[Records for this task Boundary: Start]
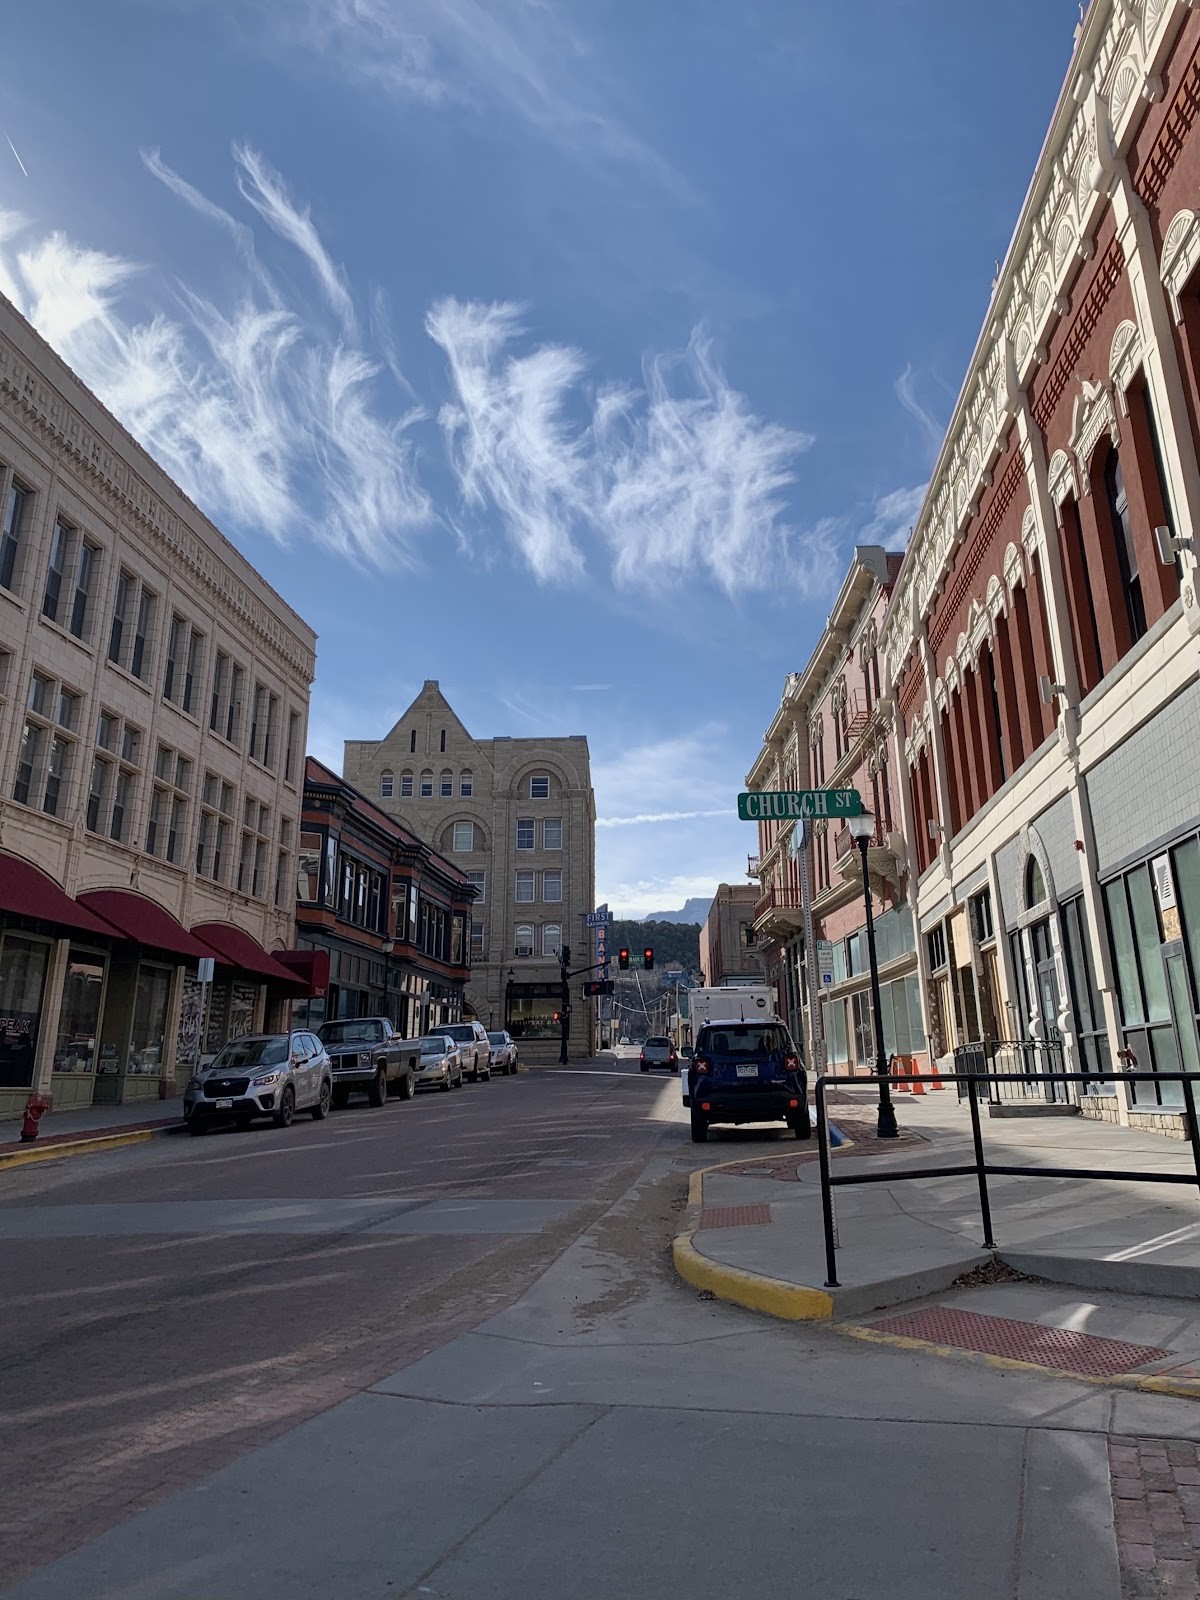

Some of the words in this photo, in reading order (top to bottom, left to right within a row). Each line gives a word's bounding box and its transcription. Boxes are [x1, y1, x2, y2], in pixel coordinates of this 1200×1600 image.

[746, 793, 828, 817] CHURCH
[835, 792, 852, 807] ST
[587, 913, 609, 922] FIRST
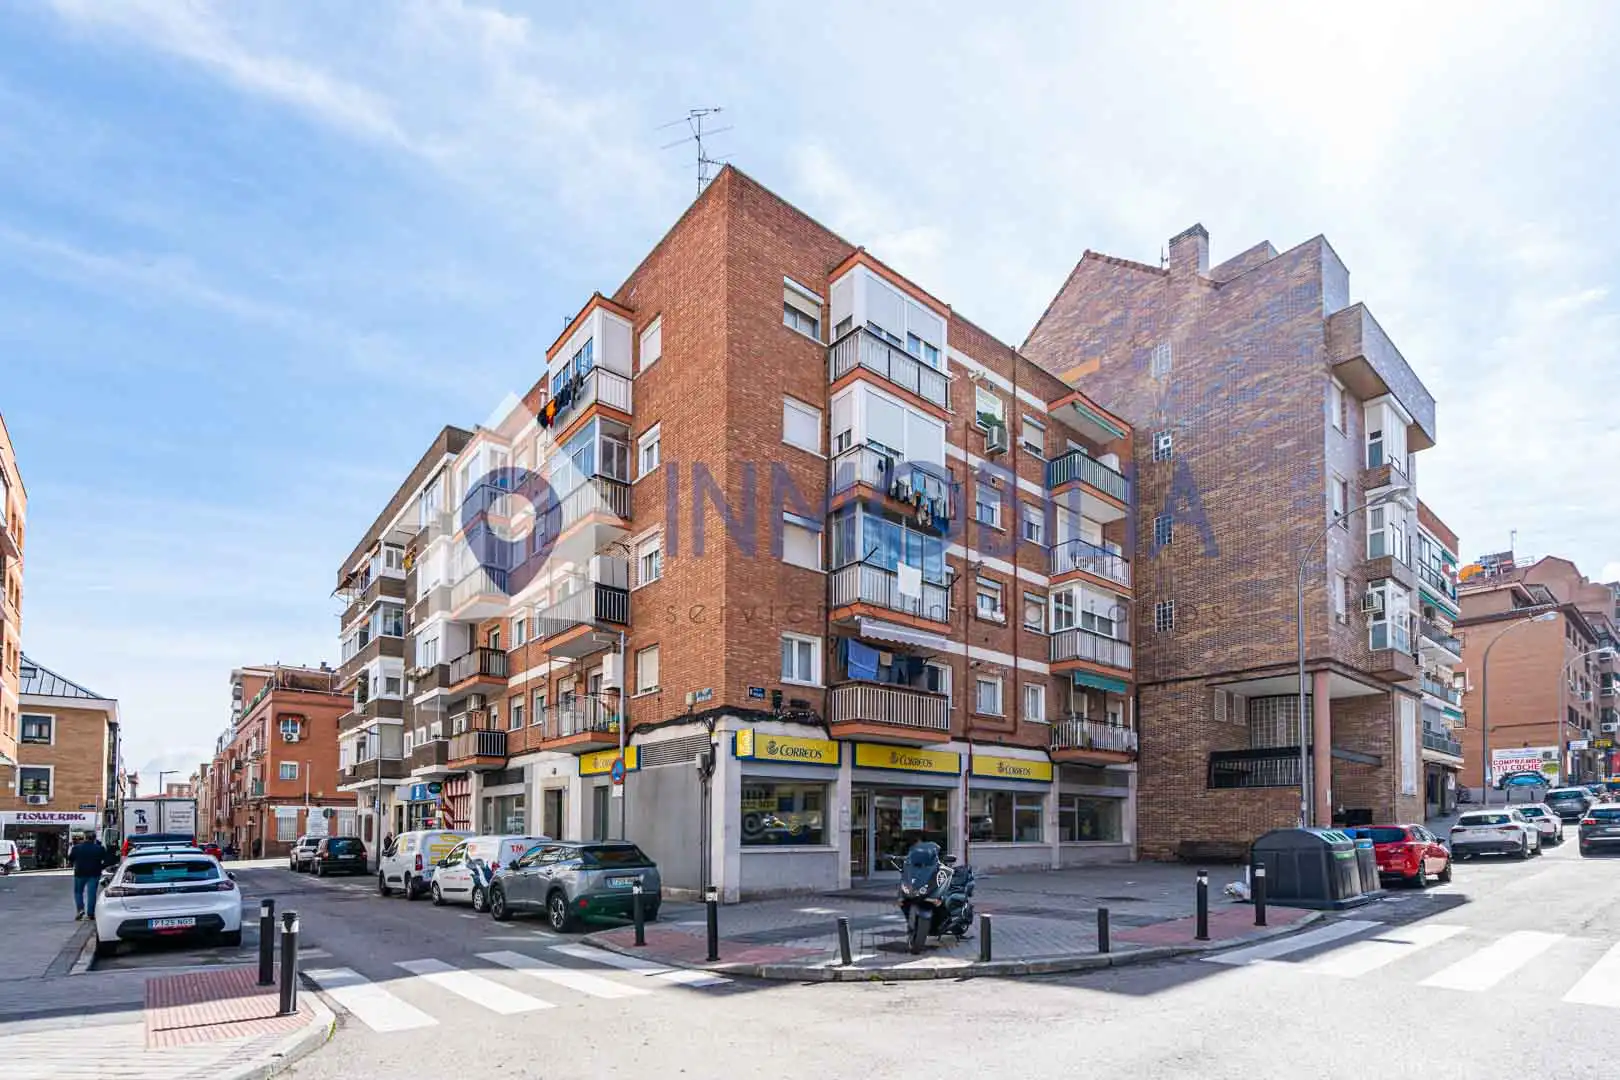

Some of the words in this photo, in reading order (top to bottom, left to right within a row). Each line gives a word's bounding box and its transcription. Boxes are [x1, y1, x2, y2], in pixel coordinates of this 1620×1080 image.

[780, 744, 822, 759] CORREOS
[900, 754, 933, 767] CORREOS
[16, 812, 86, 821] FLOWERING
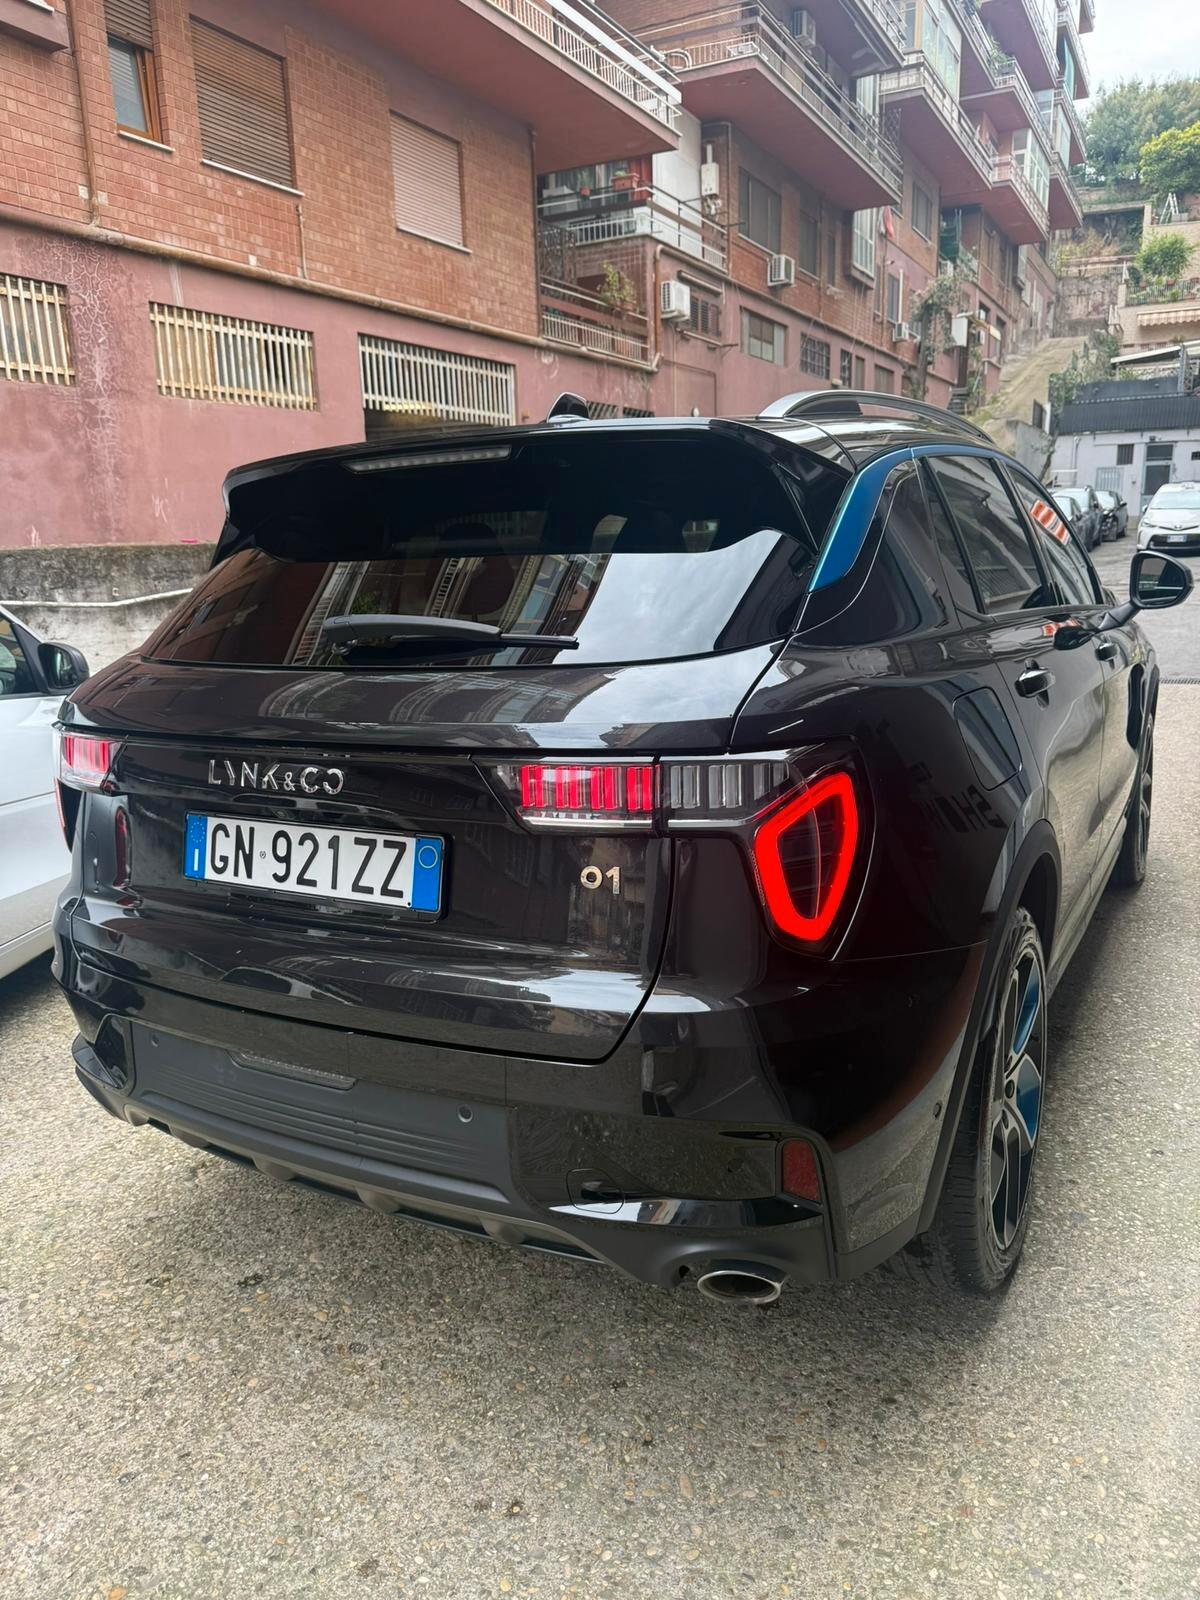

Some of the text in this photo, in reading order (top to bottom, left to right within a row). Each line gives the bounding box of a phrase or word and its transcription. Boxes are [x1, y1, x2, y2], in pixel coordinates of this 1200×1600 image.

[208, 758, 345, 795] LYNK&CO
[210, 823, 407, 898] GN 921ZZ
[579, 865, 622, 895] 01
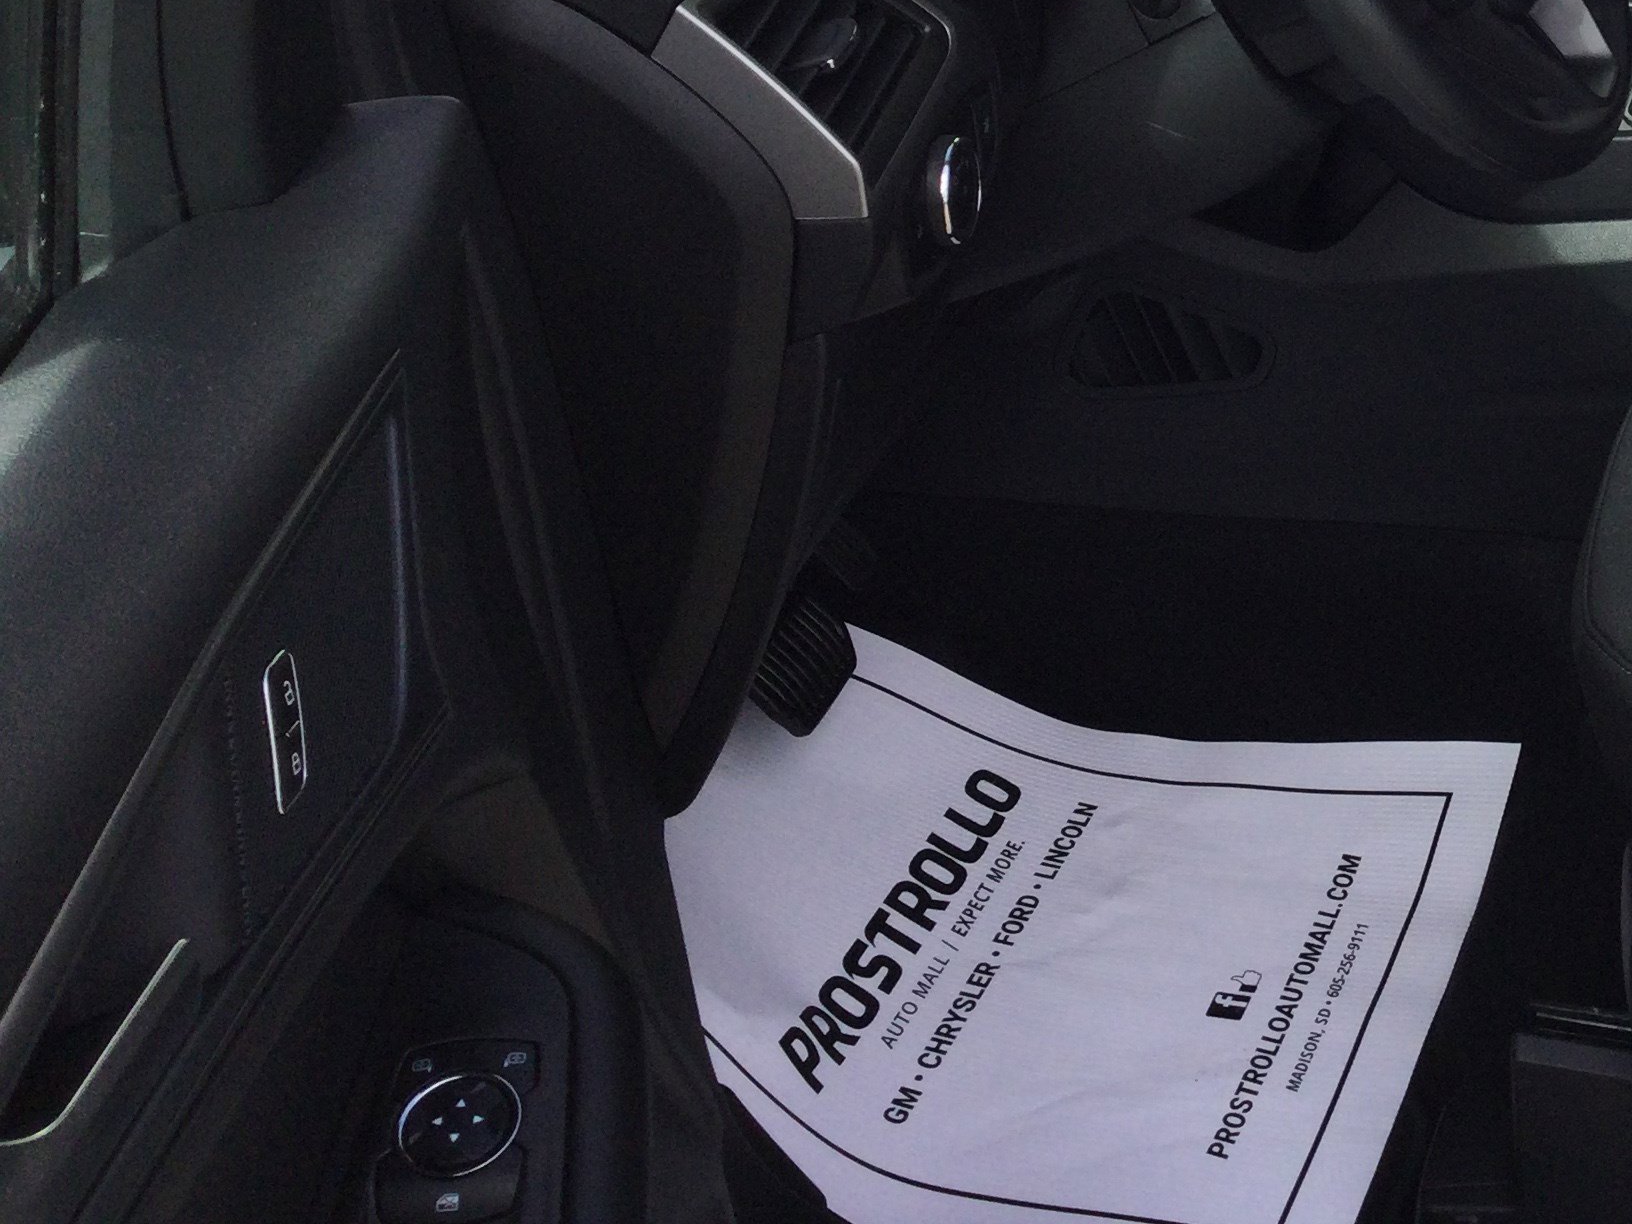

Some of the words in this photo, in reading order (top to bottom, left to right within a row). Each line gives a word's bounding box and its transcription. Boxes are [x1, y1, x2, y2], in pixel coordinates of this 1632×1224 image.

[777, 768, 1022, 1095] PROSTROLLO
[880, 1001, 919, 1050] AUTO
[911, 956, 950, 999] MALL
[950, 882, 995, 938] EXPECT
[985, 839, 1026, 884] MORE.
[883, 1085, 923, 1125] GM
[917, 961, 1001, 1069] CHRYSLER
[992, 894, 1040, 947] FORD
[1033, 801, 1099, 880] LINCOLN
[1205, 853, 1363, 1160] PROSTROLLOAUTOMALL.COM
[1285, 1029, 1326, 1093] MADISON,
[1314, 1007, 1332, 1025] SD
[1326, 923, 1369, 998] 605-256-9111
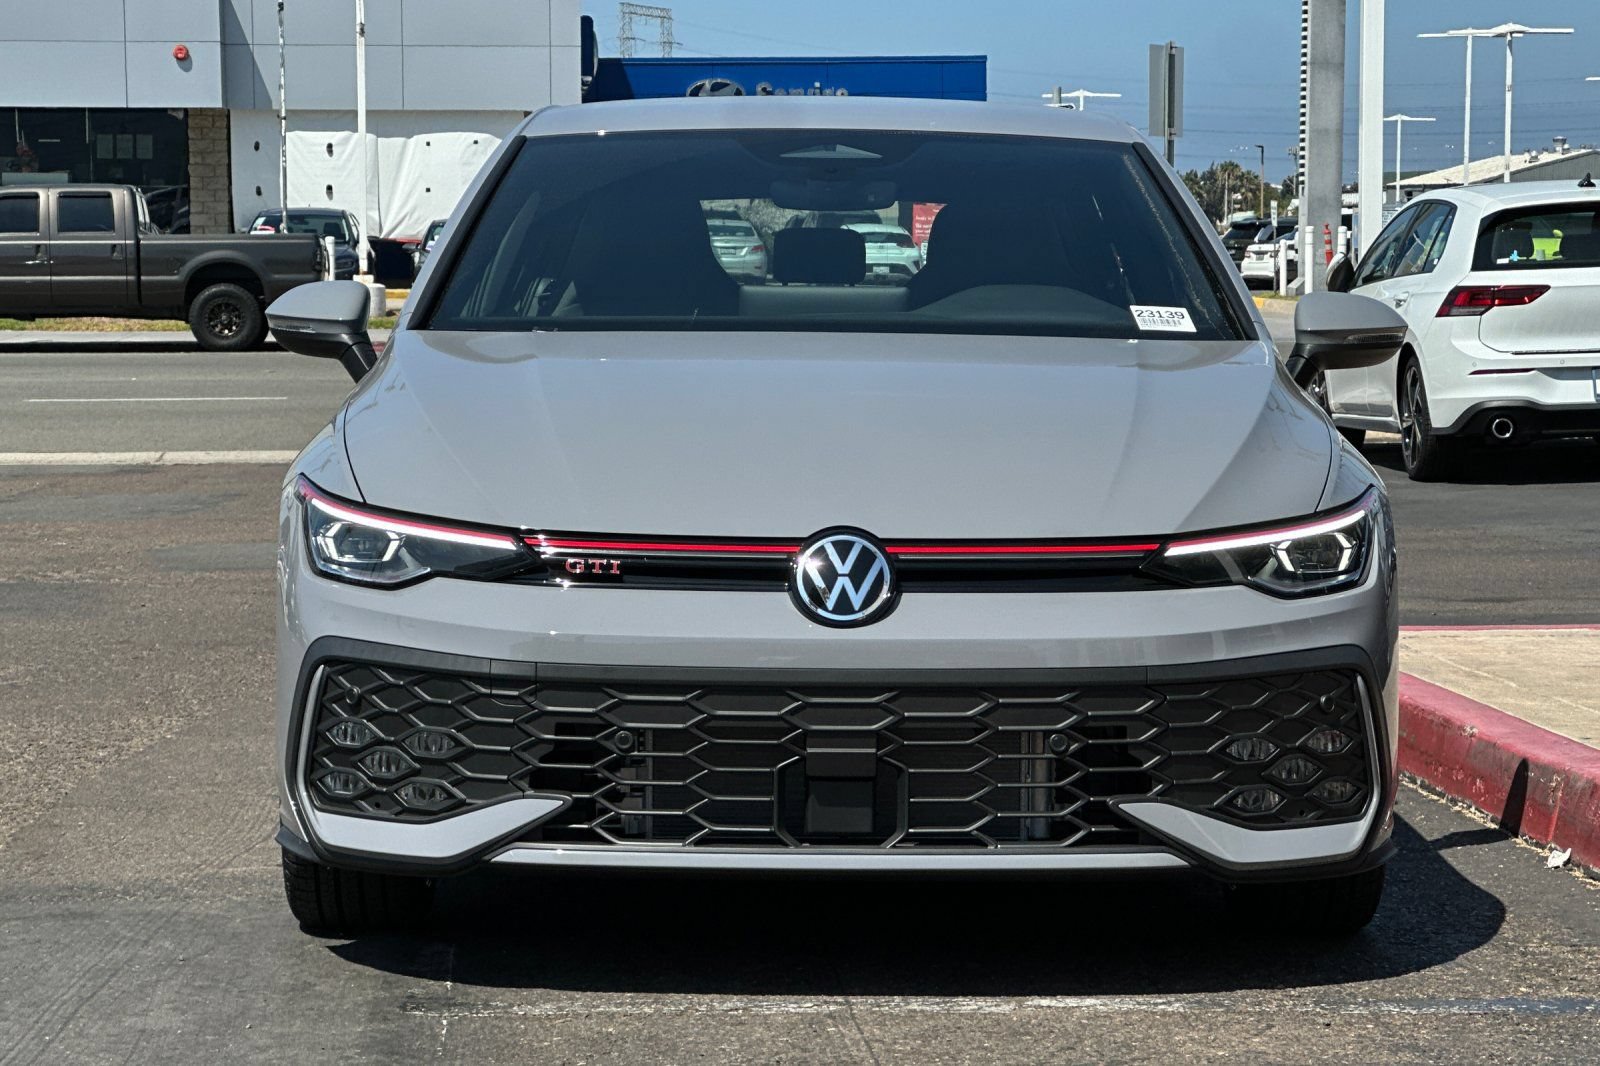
[Records for this task Boundary: End]
Leave out the images and copy all remaining data word for word.

Output of the task
Some of the words in this photo, in reading order (top to bottom, left to right within a row). Each line gives a word's bounding box and its transcription. Boxes are [x1, y1, x2, y2], in pixel coordinates of this 1200×1600 image.

[746, 793, 828, 817] CHURCH
[835, 792, 852, 807] ST
[587, 913, 609, 922] FIRST

Some of the words in this photo, in reading order (top to bottom, left to right within a row). Each line gives a word's bounding box and its transcription. Boxes are [x1, y1, x2, y2], in pixel coordinates of this 1620×1080 image.

[780, 744, 822, 759] CORREOS
[900, 754, 933, 767] CORREOS
[16, 812, 86, 821] FLOWERING

Some of the text in this photo, in reading order (top to bottom, left to right within a row). Each line gives the bounding box of a phrase or word and its transcription. Boxes are [x1, y1, x2, y2], in pixel coordinates of this 1200×1600 image.

[208, 758, 345, 795] LYNK&CO
[210, 823, 407, 898] GN 921ZZ
[579, 865, 622, 895] 01

Some of the words in this photo, in reading order (top to bottom, left to right within a row). Each line gives a word's bounding box and its transcription. Boxes are [x1, y1, x2, y2], in pixel coordinates of this 1632×1224 image.

[777, 768, 1022, 1095] PROSTROLLO
[880, 1001, 919, 1050] AUTO
[911, 956, 950, 999] MALL
[950, 882, 995, 938] EXPECT
[985, 839, 1026, 884] MORE.
[883, 1085, 923, 1125] GM
[917, 961, 1001, 1069] CHRYSLER
[992, 894, 1040, 947] FORD
[1033, 801, 1099, 880] LINCOLN
[1205, 853, 1363, 1160] PROSTROLLOAUTOMALL.COM
[1285, 1029, 1326, 1093] MADISON,
[1314, 1007, 1332, 1025] SD
[1326, 923, 1369, 998] 605-256-9111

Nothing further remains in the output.